Healing Desert's Wounds


College-age activists camp in the Mojave for months as they work to restore land that has been trashed by garbage, off-roaders and graffiti vandals.

CAMOUFLAGE: Paul Miles, 24, rigs a fake bush to hide an illegal trail.

By Eric Bailey, Staff Writer
Los Angeles Times

BARSTOW — Twenty miles from town, in a brutally lovely land where the road and sky collide, a ragamuffin tribe of college-age kids is hard at work in the middle of nowhere.

They're healing the desert.

Dan Prell whacks the sun-scorched earth with a sodbuster pick, his dreadlocks shimmying under a blue bandanna. He grins habitually, happy to miss another cold winter in his native Neenah, Wis.

"It's a blast," the 21-year-old said between swings, no trace of irony hedging his words. "It lets me get out of a small city and go camping for eight months. What could be better?"

In Southern California's vast outback, a century of mankind's heedless incursions — from George Patton's tanks in training for World War II to survivalists taking target practice — have left lasting wounds on a fragile landscape slow to mend.

Those infirmities bring young men and women such as Prell and crew leader Mizuki Seita, a 4-foot, 11-inch whirlwind called Miz by her six-person team.

Theirs is a boot camp existence in the middle of the Mojave.
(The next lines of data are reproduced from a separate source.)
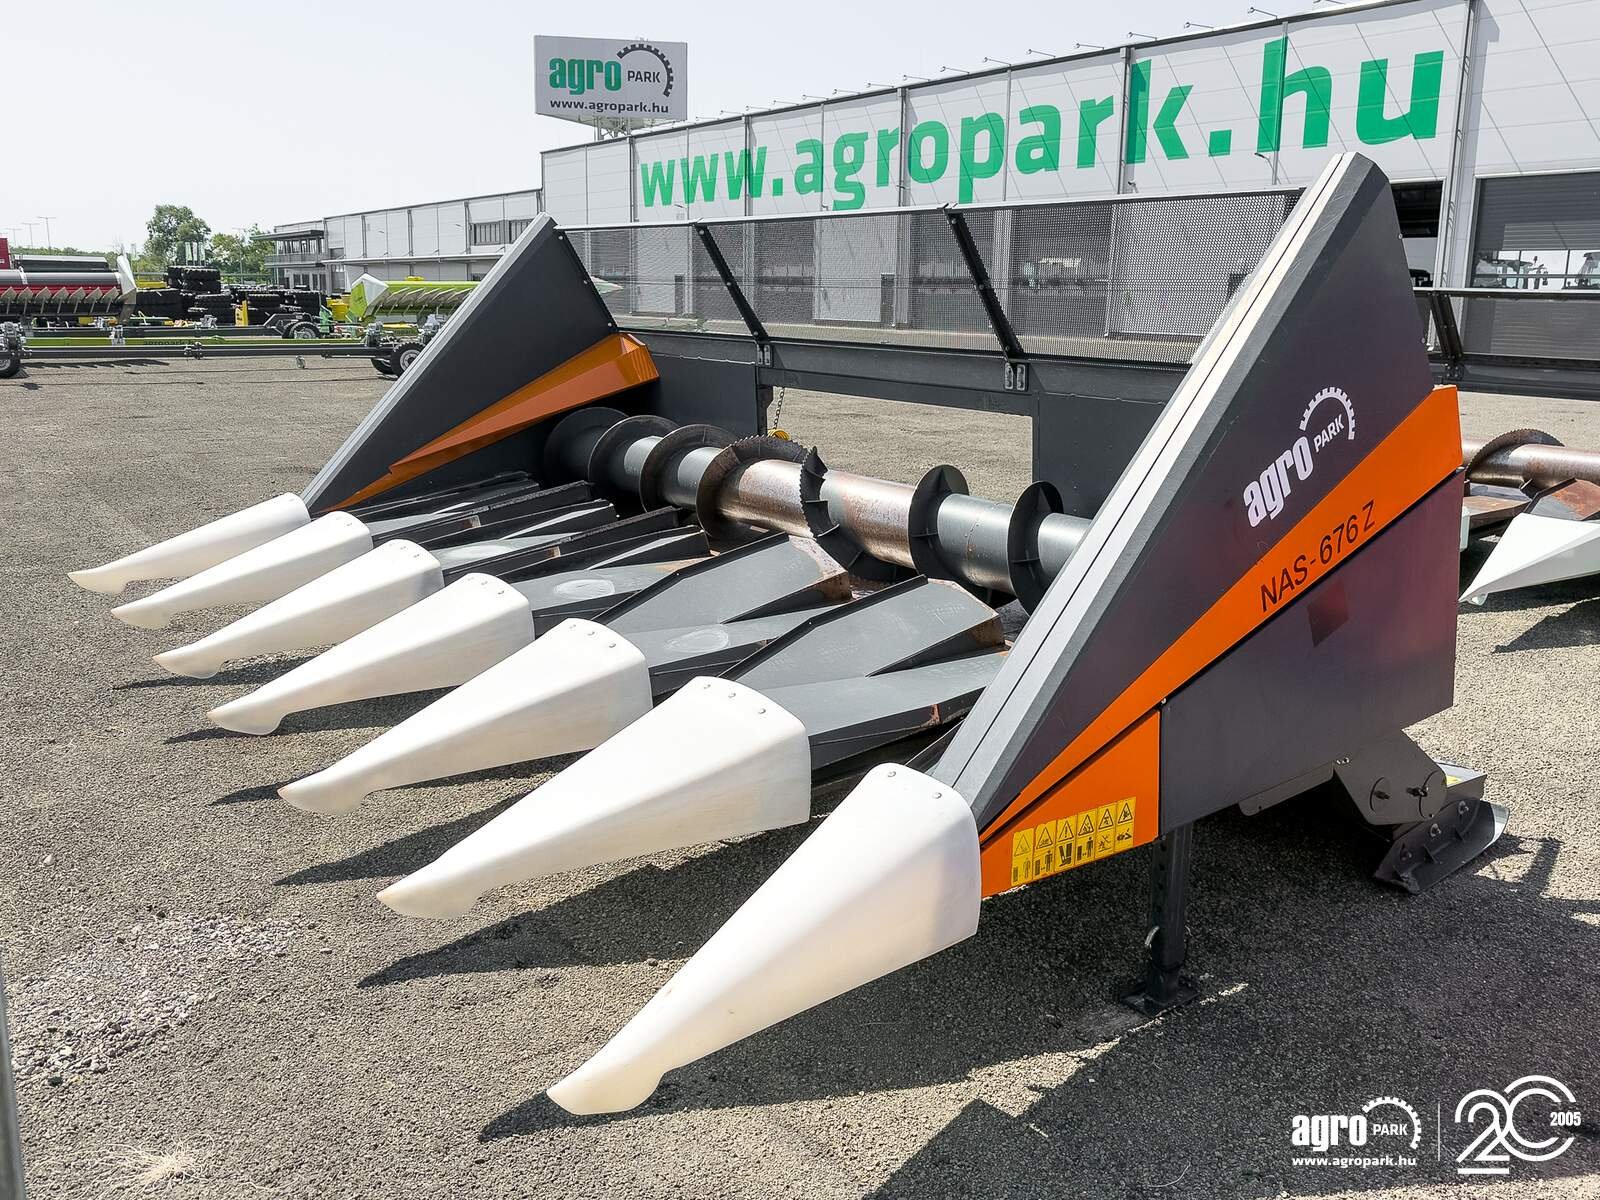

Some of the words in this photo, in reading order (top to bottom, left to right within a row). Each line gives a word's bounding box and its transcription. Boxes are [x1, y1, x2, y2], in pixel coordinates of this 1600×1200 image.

[549, 58, 622, 96] agro
[627, 70, 661, 84] PARK
[550, 99, 669, 114] www.agropark.hu
[640, 36, 1444, 212] www.agropark.hu
[1243, 436, 1314, 528] agro
[1313, 414, 1344, 452] PARK
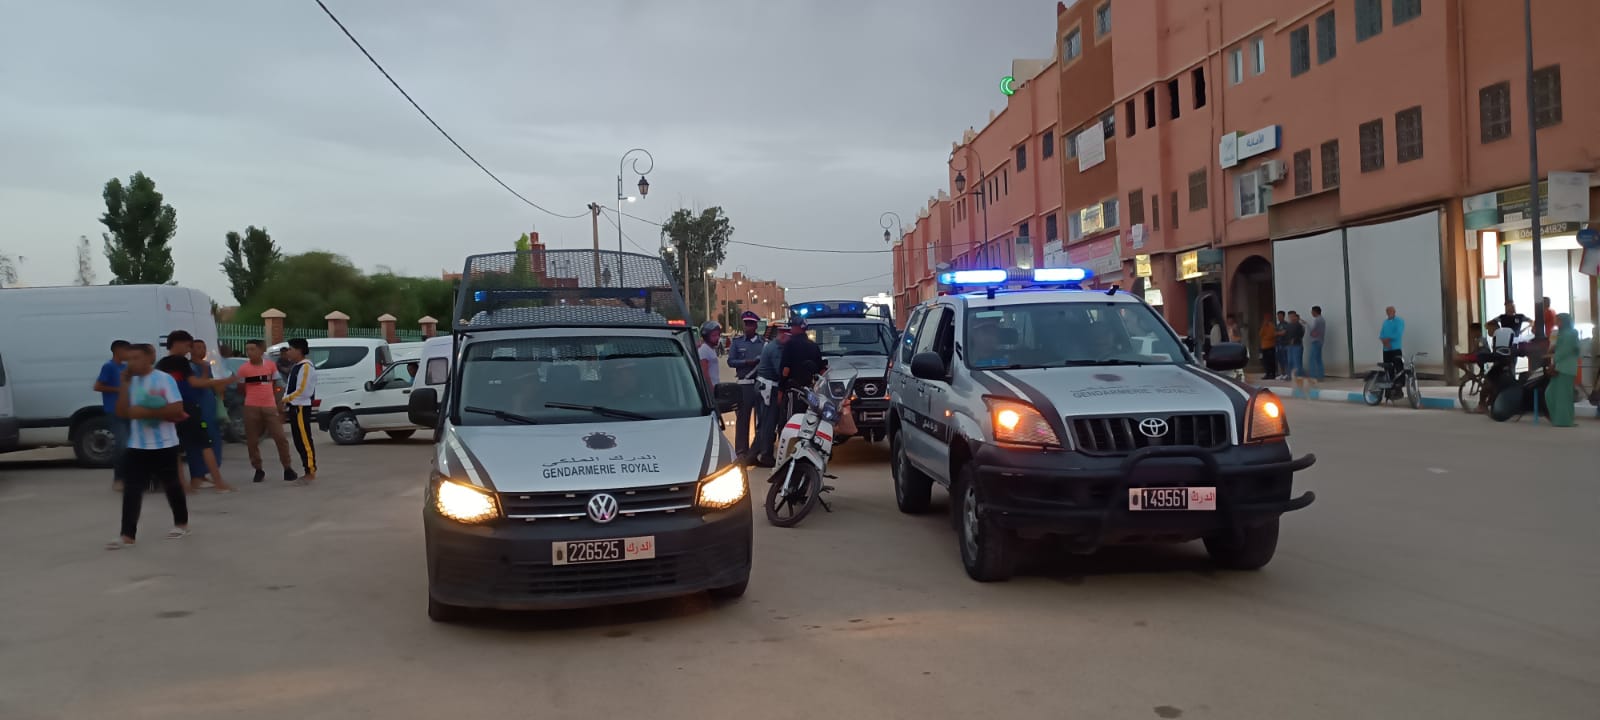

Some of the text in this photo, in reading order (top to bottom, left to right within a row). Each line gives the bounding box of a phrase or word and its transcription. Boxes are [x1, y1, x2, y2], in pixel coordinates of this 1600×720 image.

[542, 462, 660, 479] GENDARMERIE ROYALE
[1143, 490, 1186, 507] 149561
[569, 541, 620, 561] 226525
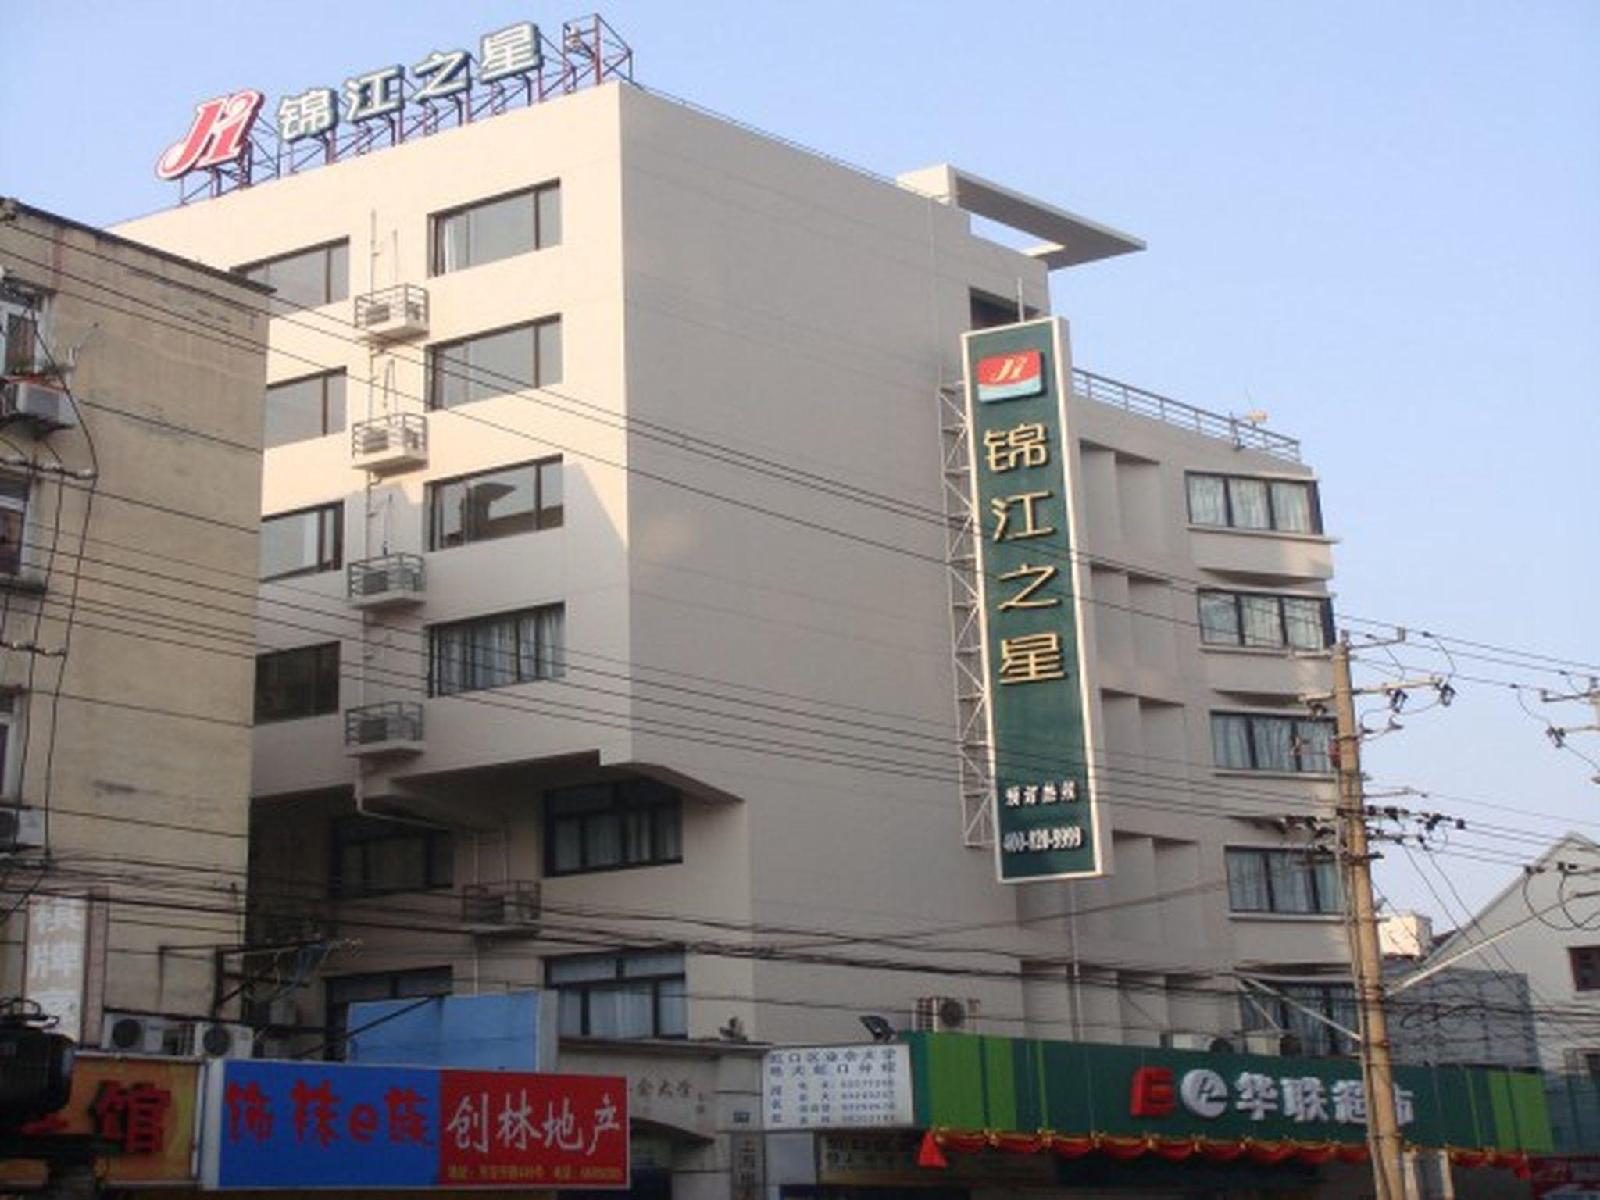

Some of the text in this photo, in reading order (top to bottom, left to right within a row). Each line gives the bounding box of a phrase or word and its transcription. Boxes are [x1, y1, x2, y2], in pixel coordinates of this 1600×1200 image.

[278, 21, 539, 143] 锦江之星
[983, 421, 1066, 685] 锦江之星
[447, 1088, 621, 1156] 创林地产
For little pay, three square vegetarian meals and a tent overhead, these twentysomethings camp out in California's badlands of biodiversity for months at a time, rising early to wield shovels and rakes in a ritual of surgical repair.

The goal is to make assaulted swaths of desert look as if humankind had never set foot or knobby tire there.

Such repair parties started combing Southern California's arid backyard after Congress passed the Desert Protection Act in 1994.

They come in all persuasions. Suburban sagebrush-huggers spend volunteer weekends pulling up invasive saltcedar, prison crews troll for trash among the yucca, teen groups try their hand at rehabilitation.

But in recent years the most devoted restorative presence has been the Student Conservation Assn., the nonprofit organization that dispatched Seita and her crew to the East Mojave for an eight-month hitch.

Founded nearly 50 years ago and headquartered in New Hampshire, the group sends small teams of college-age adults to ecological sanctuaries all around the country. They first came to the Southland desert in 2001 and have returned every year since. This season 40 workers have toiled in places that include Dead Mountains Wilderness, Stepladder Mountains and the Kingston Range.

They find plenty of scars.

This day, Seita and company pull up into rolling folds of rock hugging the south slope of the Ord Mountains, a craggy range southeast of Barstow. Their main mission: to make a couple of motorcycle trail heads disappear.

Fresh from the usual bagel breakfast and a warmup game of Hacky Sack, the workers bounce up in a bulky bronze Suburban. Clouds embrace distant mountains shouldering snow.

Summer Farmer, 23, of Springfield, Ill., spots the day's first indignity: a boulder painted with graffiti. She grabs a steel-wire brush.

Some guy named Rudy just had to let the jack rabbits and coyotes know he loves the L.A. Dodgers. In doing so, he spoiled the antique sheen, known as desert varnish, running in stratified ribbons across the rock. It could take nature a thousand years to replace it.

Scrubbing under the sun, Farmer talks about snow.

Back on Presidents Day, they awakened to find the desert covered with white. They weren't "Illinois-sized" flakes, Farmer said, "but they were getting there."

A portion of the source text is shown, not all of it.